Start of EXTRACTED RECORDS

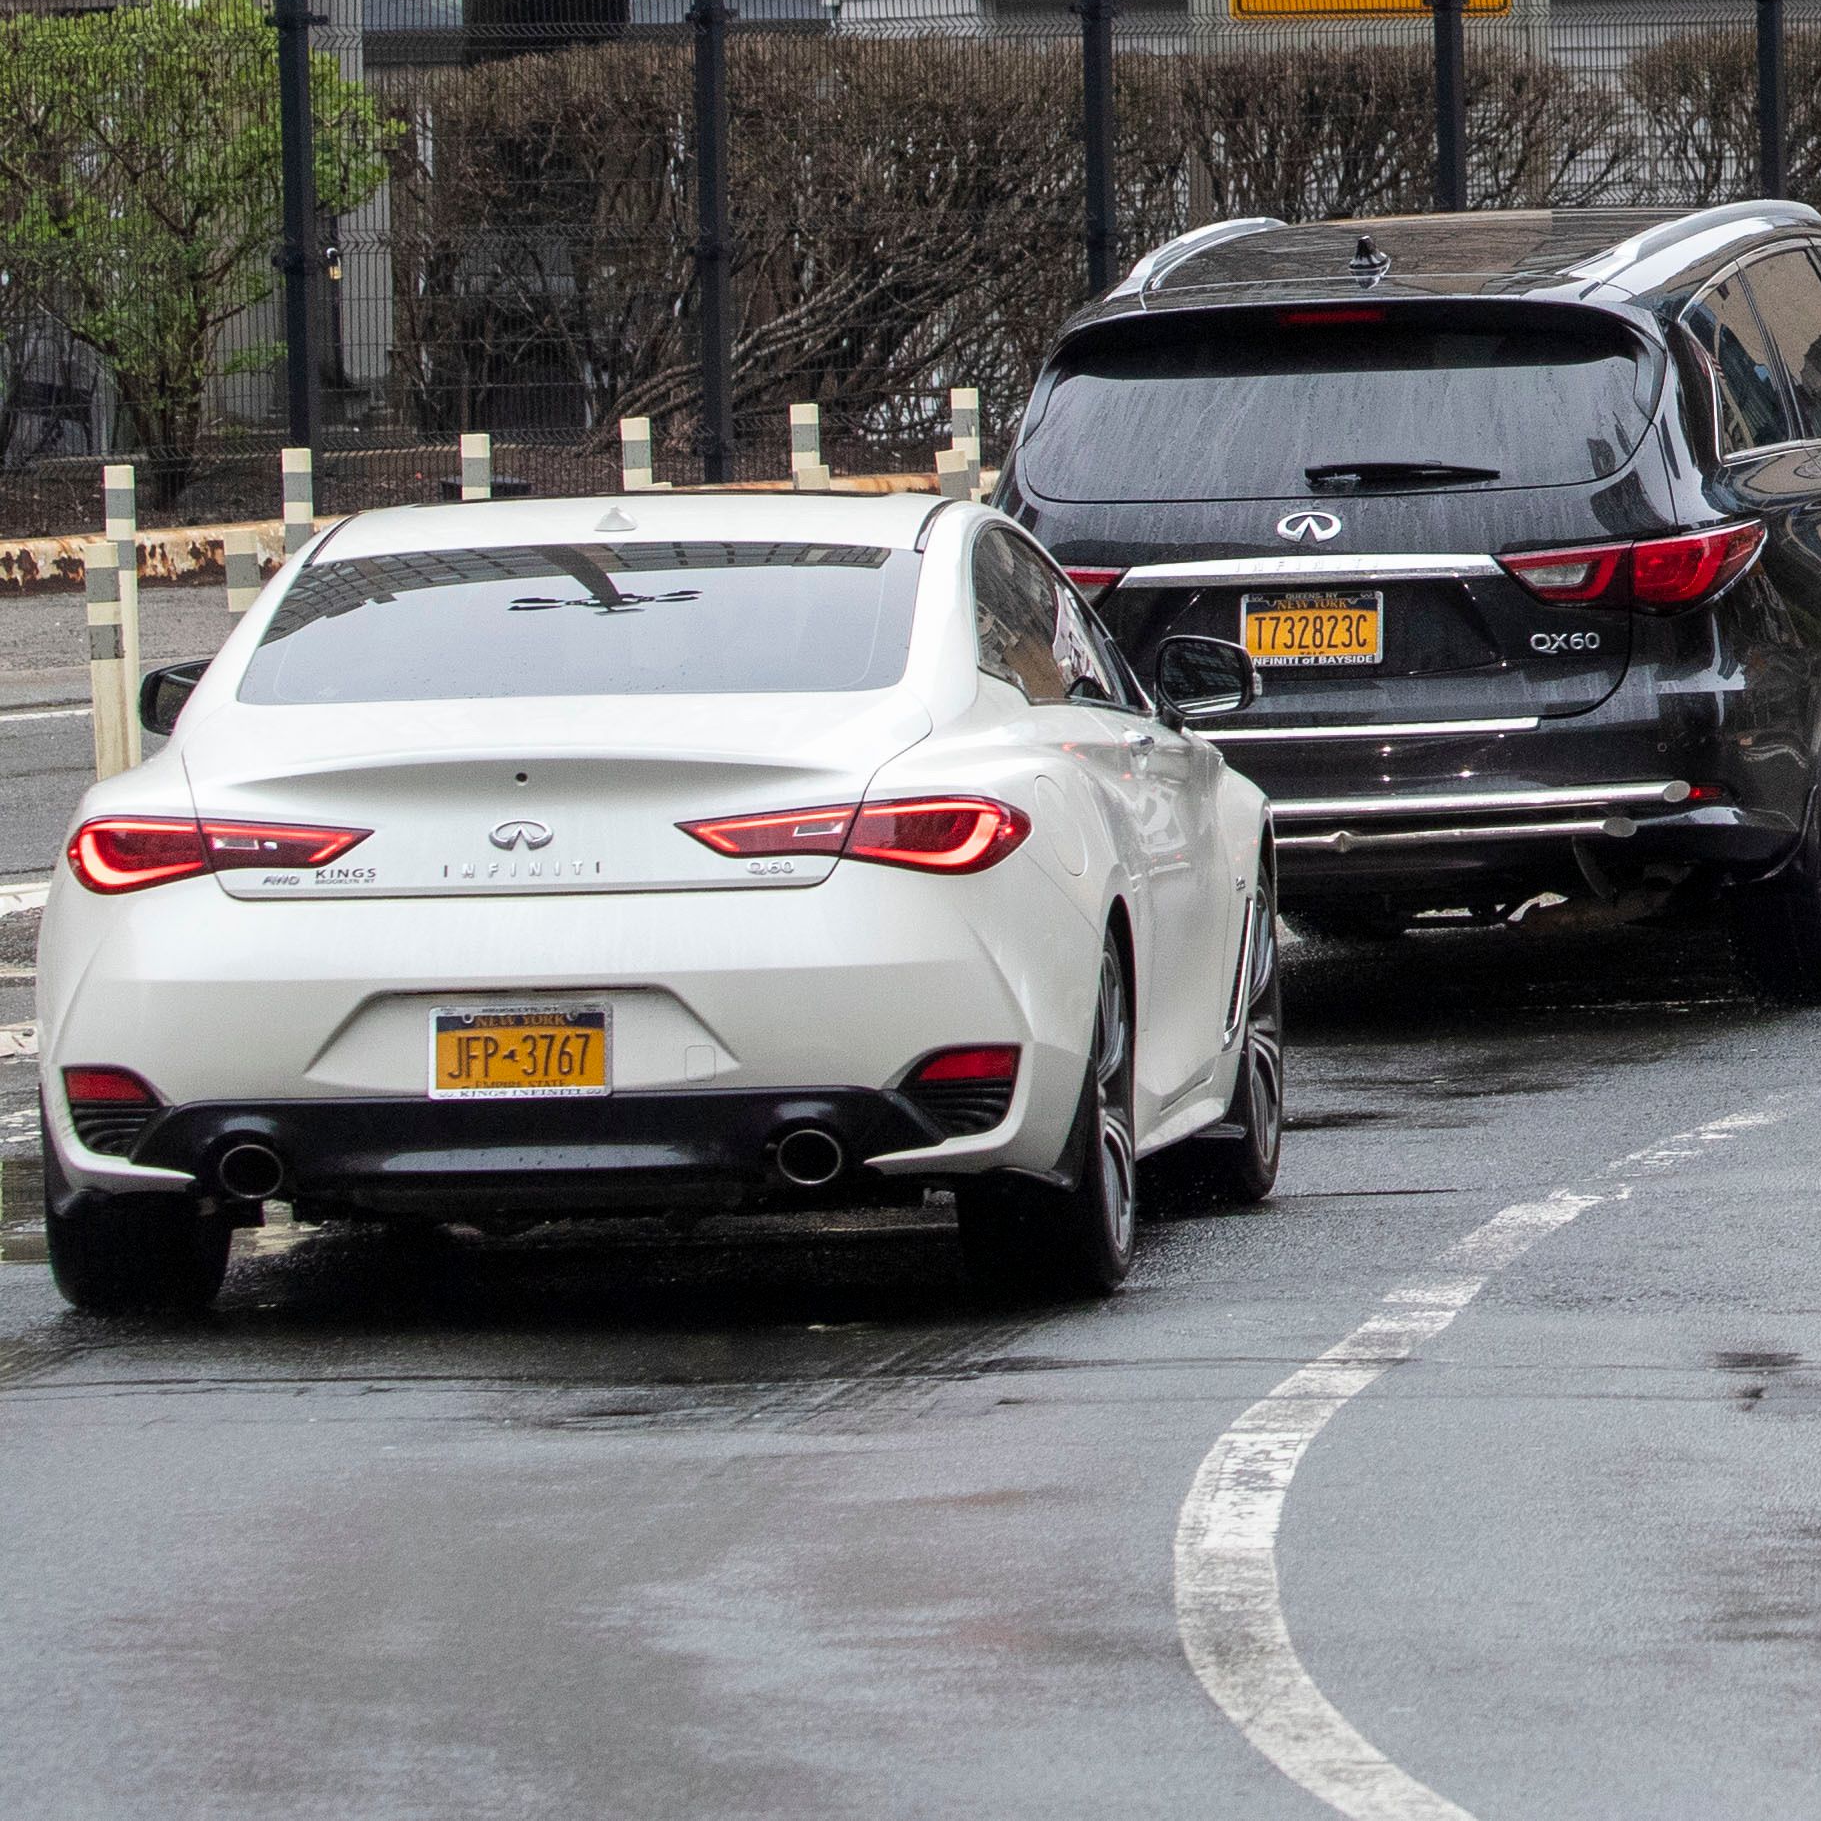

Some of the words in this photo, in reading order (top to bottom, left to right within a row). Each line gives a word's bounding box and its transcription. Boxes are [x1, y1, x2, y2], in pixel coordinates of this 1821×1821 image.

[1277, 600, 1308, 610] NEW
[1314, 599, 1348, 609] YORK
[1254, 614, 1367, 650] T732823C
[1530, 632, 1600, 654] QX60
[1253, 656, 1299, 666] NFINITI
[1303, 656, 1315, 665] of
[1318, 654, 1373, 665] BAYSIDE
[315, 868, 377, 879] KINGS
[444, 861, 601, 878] INFINITI
[746, 860, 795, 876] Q60
[474, 1015, 516, 1028] NEW
[525, 1014, 566, 1027] YORK
[459, 1090, 508, 1099] KINGS
[513, 1088, 581, 1096] INFINITI
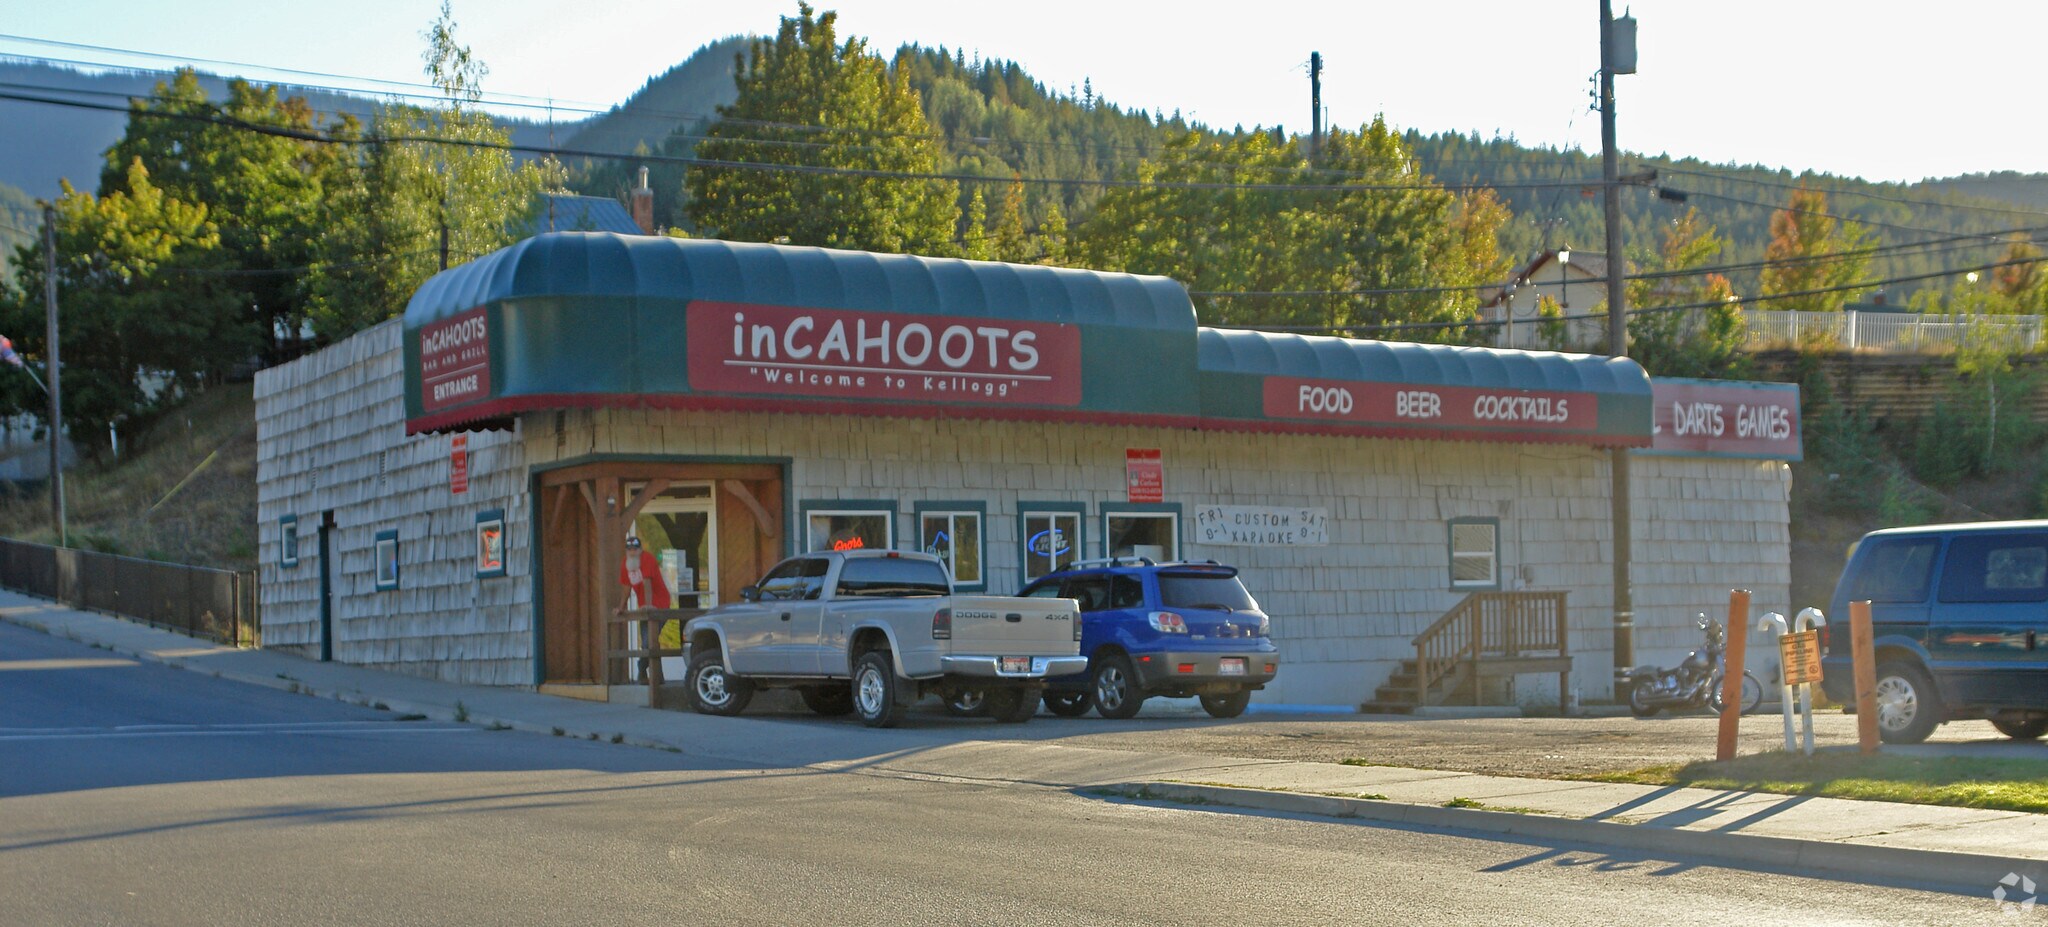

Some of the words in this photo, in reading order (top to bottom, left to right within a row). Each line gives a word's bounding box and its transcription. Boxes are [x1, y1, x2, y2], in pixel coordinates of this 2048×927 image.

[422, 315, 487, 355] inCAHOOTS
[733, 312, 1039, 371] inCAHOOTS
[424, 359, 437, 372] BAR
[442, 353, 457, 366] AND
[461, 344, 486, 361] GRILL
[433, 374, 479, 401] ENTRANCE
[884, 375, 906, 389] to
[1299, 385, 1354, 415] FOOD
[1396, 391, 1442, 418] BEER
[1474, 395, 1569, 422] COCKTAILS
[1674, 401, 1725, 436] DARTS
[1736, 403, 1791, 439] GAMES
[1198, 507, 1223, 526] FRI
[1235, 512, 1289, 527] CUSTOM
[1301, 510, 1325, 528] SAT
[955, 611, 997, 619] DODGE
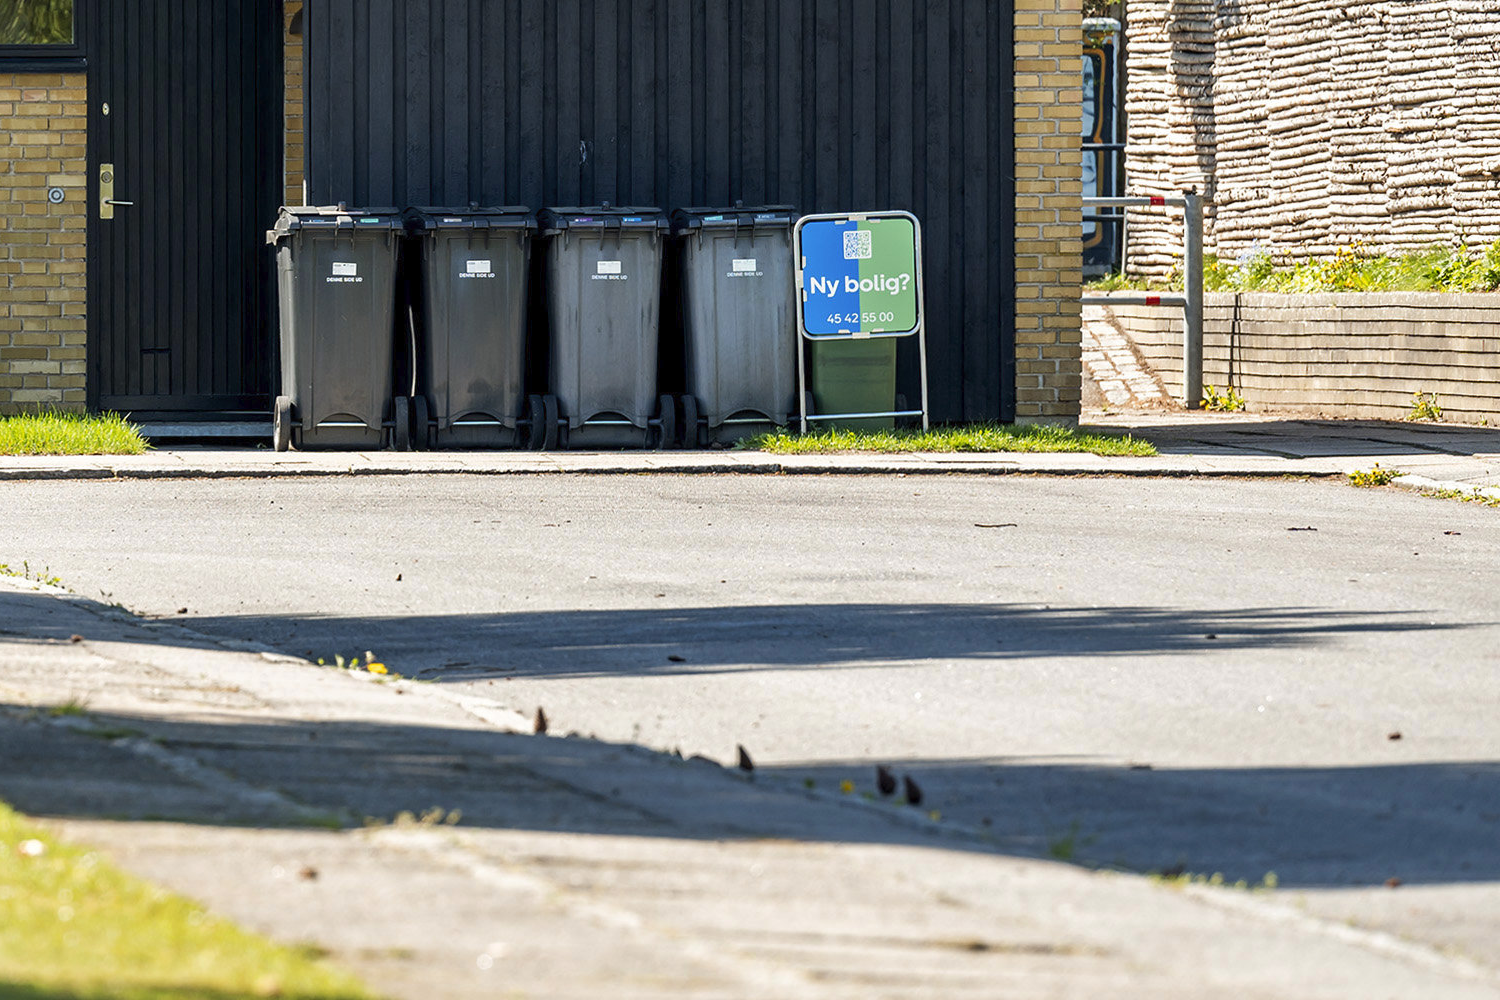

End of EXTRACTED RECORDS

> [EXERCISE]
The entries above are to be repeated in full, except for their pictures.

> [WRITTEN RESPONSE]
Some of the words in this photo, in reading order (top to bottom, left to right within a row). Each line gives a word's bounding box and its transcription. Boxes are [x1, y1, x2, y2], in pixel coordinates of this 1821×1821 image.

[1277, 600, 1308, 610] NEW
[1314, 599, 1348, 609] YORK
[1254, 614, 1367, 650] T732823C
[1530, 632, 1600, 654] QX60
[1253, 656, 1299, 666] NFINITI
[1303, 656, 1315, 665] of
[1318, 654, 1373, 665] BAYSIDE
[315, 868, 377, 879] KINGS
[444, 861, 601, 878] INFINITI
[746, 860, 795, 876] Q60
[474, 1015, 516, 1028] NEW
[525, 1014, 566, 1027] YORK
[459, 1090, 508, 1099] KINGS
[513, 1088, 581, 1096] INFINITI

Some of the words in this photo, in reading order (top to bottom, left to right within a row). Each line gives a word's bounding box and its transcription. Boxes are [x1, y1, x2, y2], in pixel coordinates of this 2048×927 image.

[422, 315, 487, 355] inCAHOOTS
[733, 312, 1039, 371] inCAHOOTS
[424, 359, 437, 372] BAR
[442, 353, 457, 366] AND
[461, 344, 486, 361] GRILL
[433, 374, 479, 401] ENTRANCE
[884, 375, 906, 389] to
[1299, 385, 1354, 415] FOOD
[1396, 391, 1442, 418] BEER
[1474, 395, 1569, 422] COCKTAILS
[1674, 401, 1725, 436] DARTS
[1736, 403, 1791, 439] GAMES
[1198, 507, 1223, 526] FRI
[1235, 512, 1289, 527] CUSTOM
[1301, 510, 1325, 528] SAT
[955, 611, 997, 619] DODGE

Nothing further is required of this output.